I mean, so the concern here is what - HN disagrees with a decision made by an ADA organiser at a conference related to whether budgets and administration is appropriate in conference scope?
They got to have their say. Editorial published, made international news. I imagine all the conference attendees read it if they cared. Seems like a non-issue. Can we find a real problem for me to read up on instead? I'm having fun I suppose but I'm not seeing why we need to be all up in their business.
I bet less than 10% of the HN people who read the article even get to the "Misguided Brushes of a Pen..." editorial to find out what their complaint is.

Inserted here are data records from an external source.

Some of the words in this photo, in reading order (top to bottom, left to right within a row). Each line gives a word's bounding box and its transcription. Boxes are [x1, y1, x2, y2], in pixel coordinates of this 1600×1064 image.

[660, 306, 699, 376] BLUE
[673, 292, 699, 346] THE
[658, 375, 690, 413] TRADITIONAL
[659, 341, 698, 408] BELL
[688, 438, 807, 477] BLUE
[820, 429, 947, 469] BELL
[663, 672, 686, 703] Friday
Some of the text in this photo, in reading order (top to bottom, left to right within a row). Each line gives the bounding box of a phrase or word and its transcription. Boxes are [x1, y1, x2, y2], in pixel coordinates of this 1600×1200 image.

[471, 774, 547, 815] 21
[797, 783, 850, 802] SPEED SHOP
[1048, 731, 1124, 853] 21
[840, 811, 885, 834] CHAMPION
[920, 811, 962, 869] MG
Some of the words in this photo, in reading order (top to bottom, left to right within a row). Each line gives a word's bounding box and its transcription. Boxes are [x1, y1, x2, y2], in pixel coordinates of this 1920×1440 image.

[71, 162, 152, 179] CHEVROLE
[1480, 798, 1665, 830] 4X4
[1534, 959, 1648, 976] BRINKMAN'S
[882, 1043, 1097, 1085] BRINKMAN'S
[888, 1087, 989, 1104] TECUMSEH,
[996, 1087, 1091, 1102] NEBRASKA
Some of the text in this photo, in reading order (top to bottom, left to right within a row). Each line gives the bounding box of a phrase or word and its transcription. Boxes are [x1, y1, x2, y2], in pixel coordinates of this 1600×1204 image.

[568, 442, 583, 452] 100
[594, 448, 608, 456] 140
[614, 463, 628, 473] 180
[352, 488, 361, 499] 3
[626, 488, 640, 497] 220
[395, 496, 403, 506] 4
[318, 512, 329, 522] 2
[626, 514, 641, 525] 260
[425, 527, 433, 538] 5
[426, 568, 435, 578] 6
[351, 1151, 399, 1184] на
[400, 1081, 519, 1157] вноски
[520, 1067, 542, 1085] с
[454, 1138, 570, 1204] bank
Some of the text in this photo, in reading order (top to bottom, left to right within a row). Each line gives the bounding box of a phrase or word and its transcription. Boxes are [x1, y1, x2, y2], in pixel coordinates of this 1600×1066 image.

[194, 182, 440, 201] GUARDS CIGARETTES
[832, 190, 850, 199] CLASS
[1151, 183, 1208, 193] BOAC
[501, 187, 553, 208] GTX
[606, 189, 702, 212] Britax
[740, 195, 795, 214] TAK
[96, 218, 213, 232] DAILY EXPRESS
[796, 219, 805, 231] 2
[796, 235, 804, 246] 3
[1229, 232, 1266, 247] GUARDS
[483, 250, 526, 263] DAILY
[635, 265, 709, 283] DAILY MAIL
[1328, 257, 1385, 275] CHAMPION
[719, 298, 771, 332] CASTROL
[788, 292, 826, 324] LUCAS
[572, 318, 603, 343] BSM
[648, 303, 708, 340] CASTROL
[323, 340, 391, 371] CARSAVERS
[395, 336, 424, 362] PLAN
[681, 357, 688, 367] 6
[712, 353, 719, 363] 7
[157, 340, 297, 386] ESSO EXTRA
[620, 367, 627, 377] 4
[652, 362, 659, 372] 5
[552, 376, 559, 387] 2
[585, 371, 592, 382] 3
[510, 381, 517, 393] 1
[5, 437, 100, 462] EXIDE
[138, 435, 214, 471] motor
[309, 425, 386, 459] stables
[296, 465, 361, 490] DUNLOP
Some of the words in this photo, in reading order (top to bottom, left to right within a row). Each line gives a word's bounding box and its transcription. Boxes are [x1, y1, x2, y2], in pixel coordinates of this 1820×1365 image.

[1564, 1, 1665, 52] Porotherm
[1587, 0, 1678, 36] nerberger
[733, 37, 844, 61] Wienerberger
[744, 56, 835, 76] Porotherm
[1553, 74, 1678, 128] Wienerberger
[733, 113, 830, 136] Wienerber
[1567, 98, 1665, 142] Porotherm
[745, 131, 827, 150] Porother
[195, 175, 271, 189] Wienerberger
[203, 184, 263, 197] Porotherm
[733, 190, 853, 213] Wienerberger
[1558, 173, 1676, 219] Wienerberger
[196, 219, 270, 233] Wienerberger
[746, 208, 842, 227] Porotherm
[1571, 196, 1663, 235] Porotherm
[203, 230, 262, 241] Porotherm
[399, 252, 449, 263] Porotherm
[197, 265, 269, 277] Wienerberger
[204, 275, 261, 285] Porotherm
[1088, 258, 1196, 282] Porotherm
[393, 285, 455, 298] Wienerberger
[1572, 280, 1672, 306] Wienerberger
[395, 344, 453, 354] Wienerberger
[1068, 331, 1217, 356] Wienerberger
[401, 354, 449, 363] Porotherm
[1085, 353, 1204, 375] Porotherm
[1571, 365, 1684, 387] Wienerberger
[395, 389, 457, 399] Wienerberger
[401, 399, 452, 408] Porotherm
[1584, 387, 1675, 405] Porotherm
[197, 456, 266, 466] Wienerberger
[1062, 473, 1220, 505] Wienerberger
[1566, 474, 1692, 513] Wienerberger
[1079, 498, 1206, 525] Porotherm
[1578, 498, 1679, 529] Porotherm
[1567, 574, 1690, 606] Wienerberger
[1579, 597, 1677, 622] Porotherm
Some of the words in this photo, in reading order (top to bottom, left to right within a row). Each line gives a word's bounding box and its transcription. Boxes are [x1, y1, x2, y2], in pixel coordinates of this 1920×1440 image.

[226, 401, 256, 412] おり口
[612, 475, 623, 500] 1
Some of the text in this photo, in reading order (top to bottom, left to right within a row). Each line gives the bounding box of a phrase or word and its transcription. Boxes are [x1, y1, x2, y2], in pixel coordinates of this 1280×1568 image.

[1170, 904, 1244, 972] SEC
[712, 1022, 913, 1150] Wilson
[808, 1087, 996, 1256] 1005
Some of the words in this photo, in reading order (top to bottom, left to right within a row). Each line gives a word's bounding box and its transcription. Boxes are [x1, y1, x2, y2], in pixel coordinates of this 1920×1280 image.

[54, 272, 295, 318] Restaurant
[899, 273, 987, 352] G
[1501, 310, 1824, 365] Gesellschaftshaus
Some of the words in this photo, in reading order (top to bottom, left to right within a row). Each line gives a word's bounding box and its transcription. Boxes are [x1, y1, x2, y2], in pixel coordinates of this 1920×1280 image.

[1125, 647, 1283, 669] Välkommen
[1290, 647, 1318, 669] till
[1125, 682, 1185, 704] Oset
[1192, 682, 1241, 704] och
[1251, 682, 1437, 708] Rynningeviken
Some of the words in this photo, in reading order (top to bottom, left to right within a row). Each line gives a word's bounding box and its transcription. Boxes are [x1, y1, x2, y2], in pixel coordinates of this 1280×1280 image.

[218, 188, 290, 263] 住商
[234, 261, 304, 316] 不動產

> They got to have their say. Editorial published, made international news. I imagine all the conference attendees read it if they cared. Seems like a non-issue.
If it's such a non-issue, why should they have been forcefully ejected from the premises over it? And why do you feel so strongly that they should have been?
> the concern here is what
ADA is violating its own code of conduct to suppress an article that calls out potentially-illegal misappropriation of diabetes-research funding by OMB and HHS, funding which falls in a results-oriented tradition and/or cuts off strong candidates for future therapies.
> Seems like a non-issue
Half of the front page usually is. You’re engaging with this content, so there is clearly something going on.
Personally, I flagged excerpts of the article to one of my Senator’s staffers. They weren’t aware of it, and will be surfacing the article to their boss, a doctor, tomorrow. If HHS is fucking around with Congressional appropriations on a healthcare issue germane to our state, they probably shouldn’t have gone out of their way to draw attention to it during an appropriation cycle.